The original necessity for this distinctive human phenomenon lies very deep among the primal forces of social life. The relations required to develop individual organisms failed in the further development of the social organism of organization. Coordination requires first a common interest, and then the establishment of a common consciousness. It was for the common interest of the individual cells to obtain food easily, and this drew them into closer relation. That relation being established, their coexistence became a unit, an entity, a thing with a conscious life of its own. In the fullest development of the most elaborate organisms, this holds good. There must be a common interest to be served by all this coordinate activity; and there must be a common consciousness established, whereby to serve most easily the common interest. When the component cells in our tissues shrink and fail for lack of nutrition, when the several organs weary of inaction and fretfully demand their natural exercise, the man does not say, “My tissues need replenishment” or “My organs need exercise”: he says, “I am hungry.” And that “I,” the personal consciousness directing the smooth interaction of all its parts, goes to work to get food. Social evolution rests on this common interest. Individual men are profited by social relation; and, therefore, they enter into social relation. Such relation requires a common consciousness, through which the coordinate action may take place; and the whole course of social development is marked by the constant extension of this social consciousness and its necessary vehicles. Language is our largest common medium, and leads on into literature, which is but preserved speech. The brain of man is the social organ, the organ of communication. Through it flows the current of thought, whereby we are enabled to work together. By so much as our brains hold in common, we can understand each other; and, therefore, some degree of common education is essential to free social development.

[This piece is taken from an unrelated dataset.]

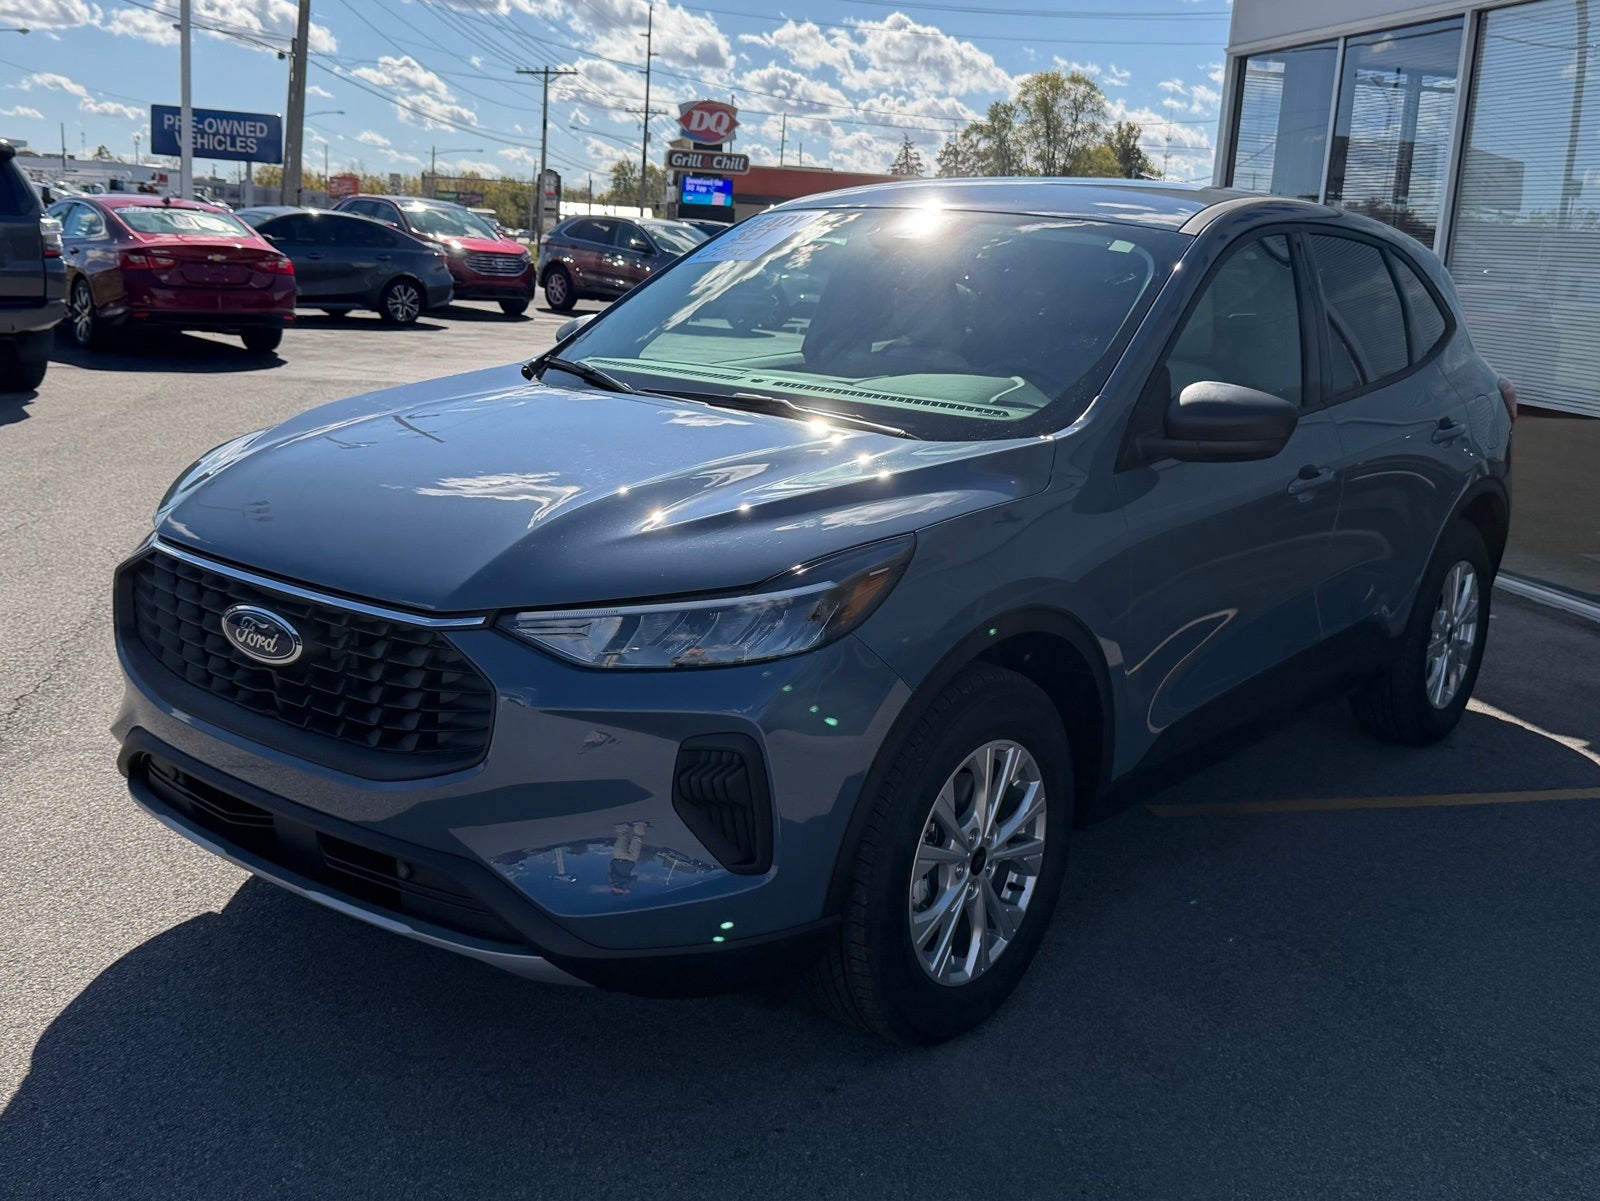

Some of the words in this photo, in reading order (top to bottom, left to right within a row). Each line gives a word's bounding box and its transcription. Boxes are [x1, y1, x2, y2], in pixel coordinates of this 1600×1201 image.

At the very beginning of this process, when the human animal was still but an animal—but an individual—came the imperative demand for the establishment of a common consciousness between these hitherto irreconcilable individuals. The first step in nature toward this end is found in the relation between mother and child. Where the young, after birth, are still dependent on the mother, the functions of the one separate living body needing the service of another separate living body, we have the overlapping of personality, the mutual need, which brings with it the essential instinct that holds together these interacting personalities. That instinct we call love. The child must have the mother’s breast. The mother’s breast must have the child. Therefore, between mother and child was born love, long before fatherhood was anything more than a momentary incident. But the common consciousness, the mutual attraction between mother and child, stopped there absolutely. It was limited in range to this closest relation; in duration, to the period of infancy.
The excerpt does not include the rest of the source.